Crédit photo : © Jérôme Panconi
Déployant en permanence son exégèse iconoclaste à grands renforts de pop culture, de gnose, mais ne cédant rien à la révolte contre le quadrillage du monde, Pacôme Thiellement continue sa quête de l’émancipation en cherchant à pleines mains dans la substance des films qui l’obsèdent comme Out.1 de Jacques Rivette, La Règle du Jeu de Jean Renoir.

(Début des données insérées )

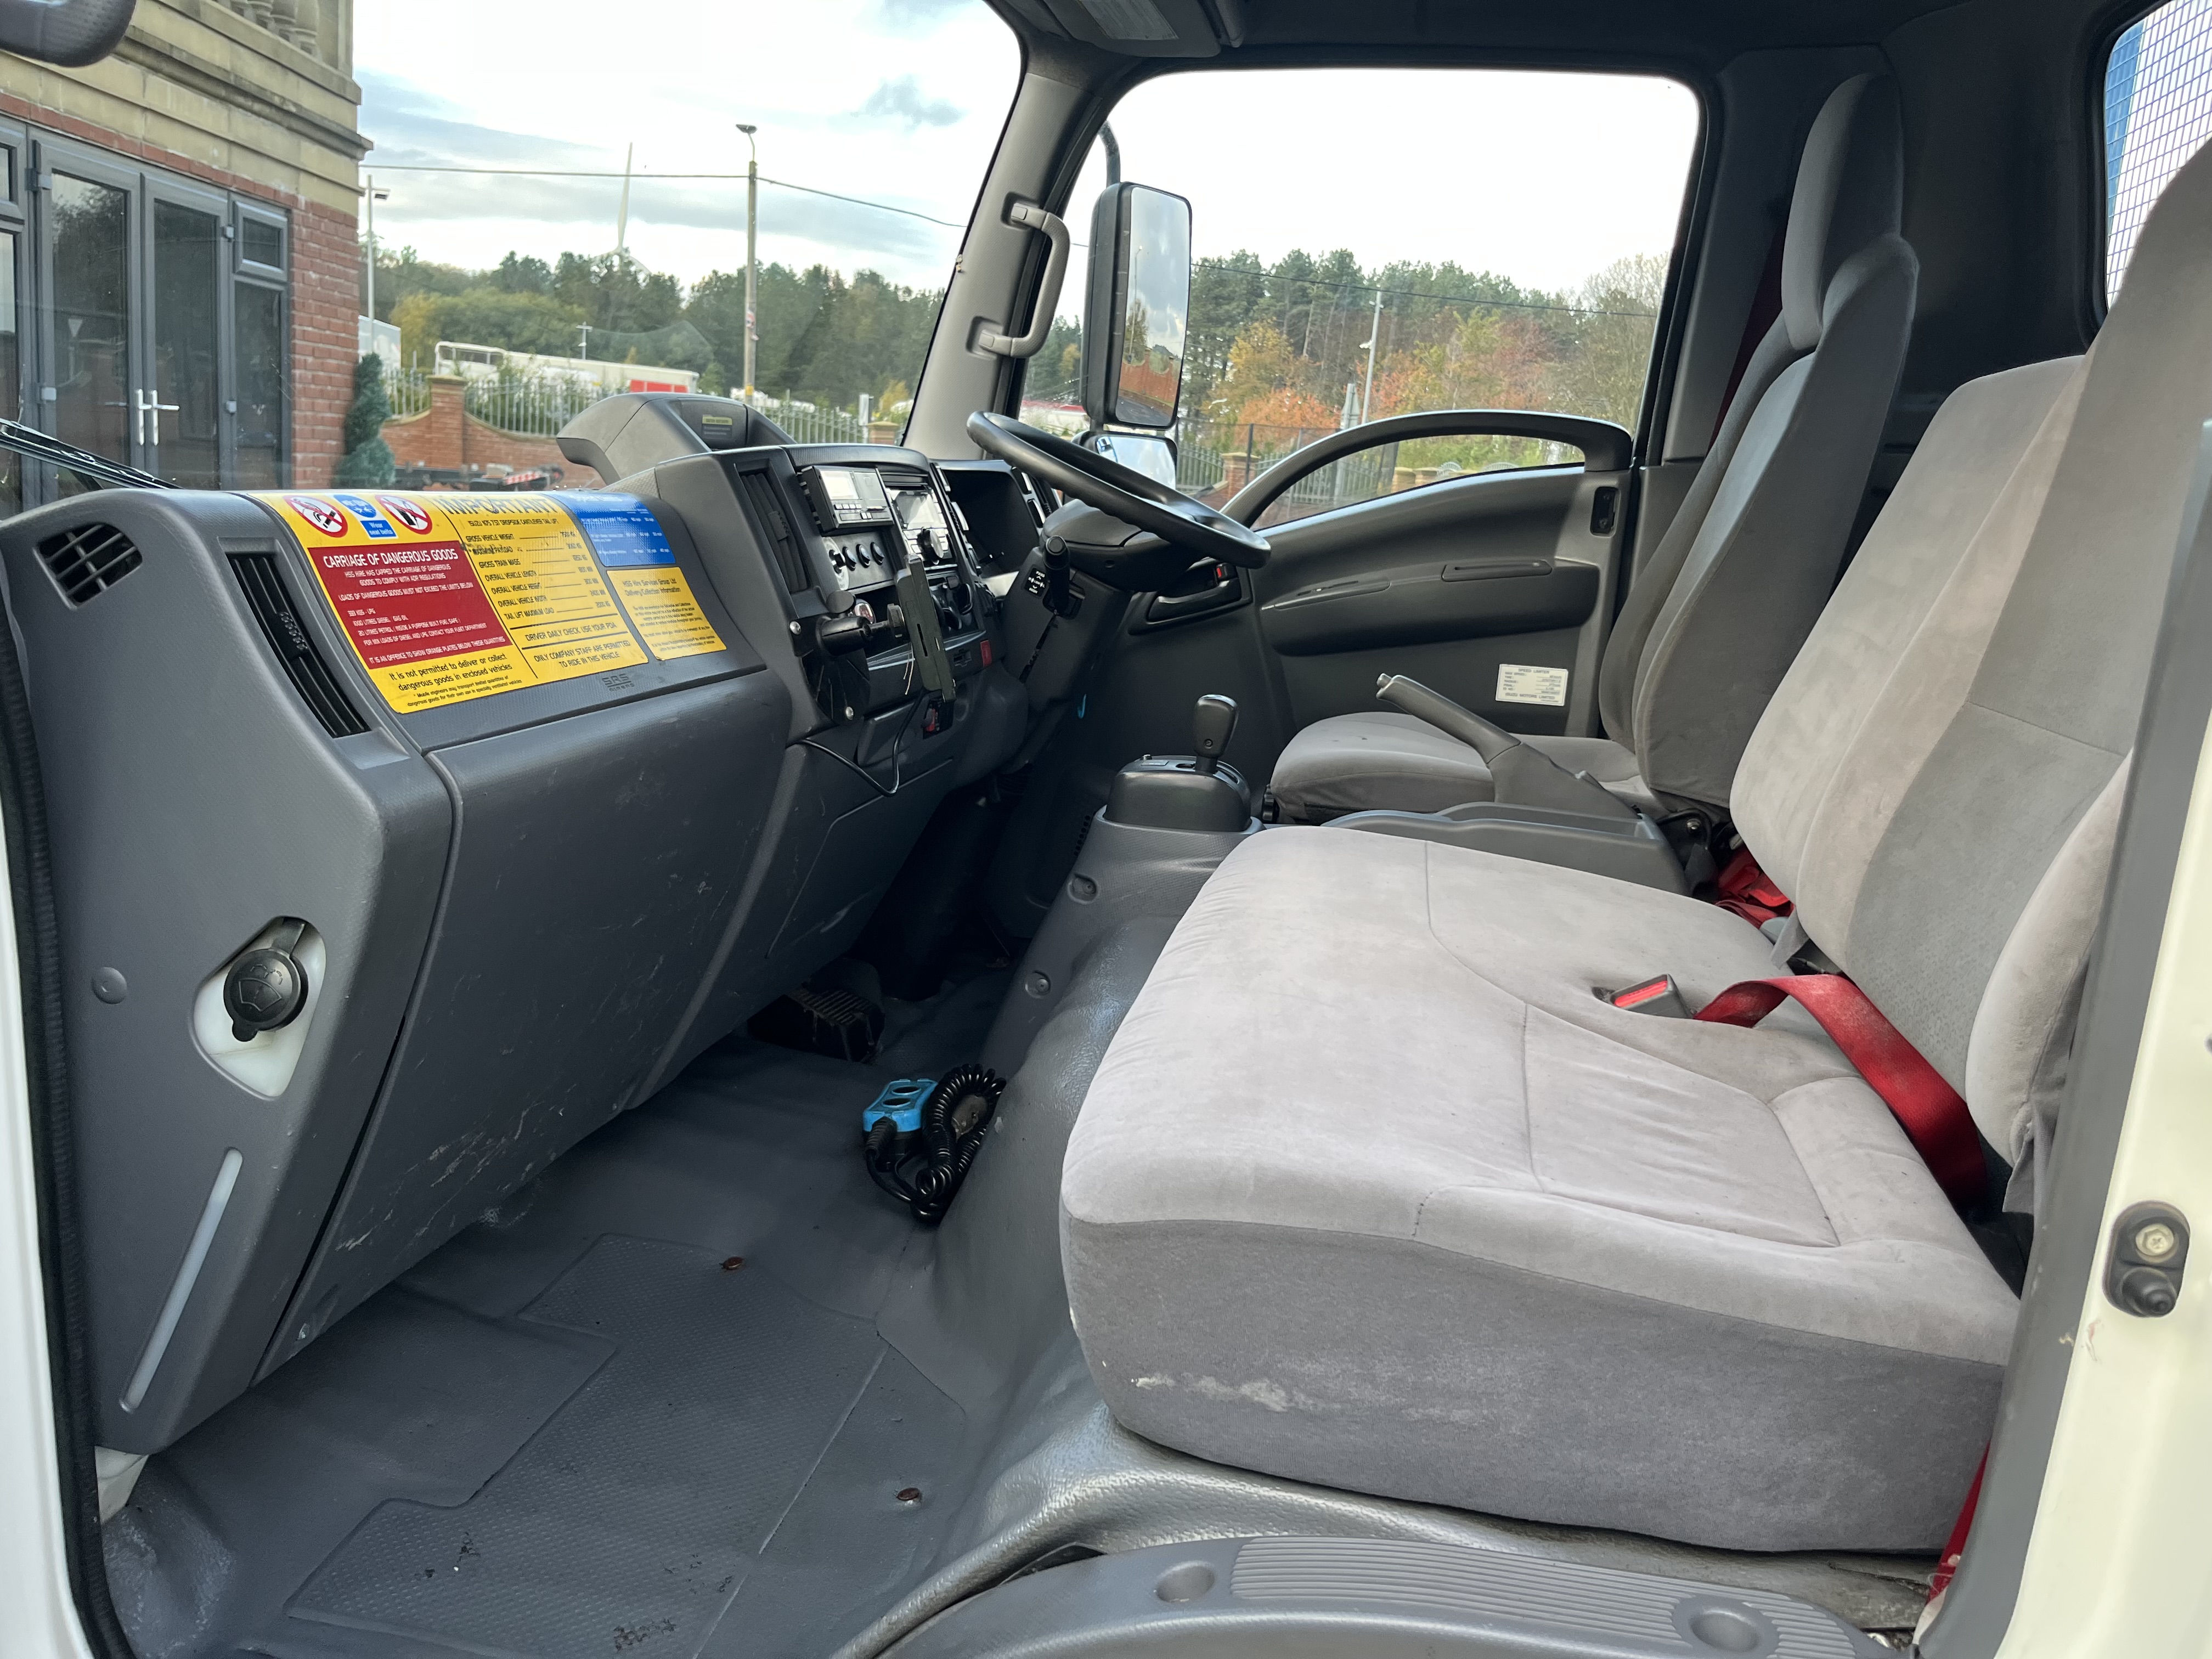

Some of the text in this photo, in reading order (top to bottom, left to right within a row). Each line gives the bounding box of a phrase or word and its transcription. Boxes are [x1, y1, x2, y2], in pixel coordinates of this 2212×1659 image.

Un an après la sortie d’Infernet, qui rassemblait les extraordinaires chroniques pour Blast de la série du même nom sur le cauchemar que tend à devenir le monde numérique, on retrouve un Pacôme Thiellement ici entièrement dévoué au cinéma de Jacques Rivette. Il a déjà écrit à de nombreuses reprises sur Out. 1, Céline et Julie vont en bâteau, mais entre-temps, les héroïnes ont surgi par effraction dans l’actualité grâce au superbe discours de Judith Godrèche à la cérémonie des Césars de 2024. Tout commence avec une sombre histoire de complot. On ne sait pas trop au début où Pacôme nous mène avec cette comparaison bizarre entre les complotistes et les obsédés du complotisme prompts à disqualifier toute critique par ce mot magique. Puis débarque la société secrète des Treize de Balzac qui s’avèrent être de sacrés tocards dans leurs apparitions au début de la Comédie Humaine. On parle de capitalisme, de ces élites méprisables qui nous gouvernent, puis de folie. Puis arrive enfin le cinéma de Rivette, qui ne nous lâchera pas. Et comme on a affaire à Pacôme Thiellement, l’exégète de David Lynch, qui arrive à mettre en lumière une chanson des Beatles avec Philip K. Dick, fait se rencontrer Hara-Kiri, Franck Zappa ou Alfred Jarry en passant par les textes gnostiques de la Bibliothèque de Nag Hammadi, ça donne vite le tournis. Cet essai conclut un cycle d’essais entre pensée politique et exégèse, entamé avec la Victoire des Sans Roi, très belle introduction aux fameux gnostiques, émancipateur et émouvant. L’enquête infinie densifiait le dialogue avec André Breton, les freaks de Todd Browning, Edgar Allan Poe ou bien la figure du sphinx et celle du détective. Le secret de la société est son essai le plus ramassé, ce qui ne veut pas dire qu’il nous épargne ses circonvolutions et ses désormais légendaires virages à 90° vers telle ou telle obsession. Le secret de la société se mérite, l’auteur y met de l’amour, donc on doit le suivre avec amour contre l’impuissance politique, la tentation du désespoir, ou la posture cynique.
A kind of magic
Ce secret, on ne va pas vous le dévoiler car il se mérite, et qu’il est trop beau pour être révélé comme ça. Il apparaît, à la toute fin, dans une épiphanie à la boulangerie, après avoir gambergé sur tous ces films. Et il en faut de l’abnégation, tant les films de Rivette sont pleins d’énigmes, de détails bizarres, de contradictions, de répliques sibyllines mais aussi de mondes possibles. On traverse Paris dans tous les sens, comme dans le Pont du Nord. On croise des actrices qui hantent Pacôme Thiellement (Hermine Karageuzh, Bulle Ogier, Juliet Berto, Nathalie Richard…), d’autres figures comme celles, flamboyante, de l’actrice Colette Thomas, de la philosophe Simone Weil… Honoré de Balzac reste tout le long à nous scruter, Lewis Caroll vient passer une tête, le temps que l’on reconnaisse le Snark qui devient alors le Boojum. Le « Tout le monde a ses...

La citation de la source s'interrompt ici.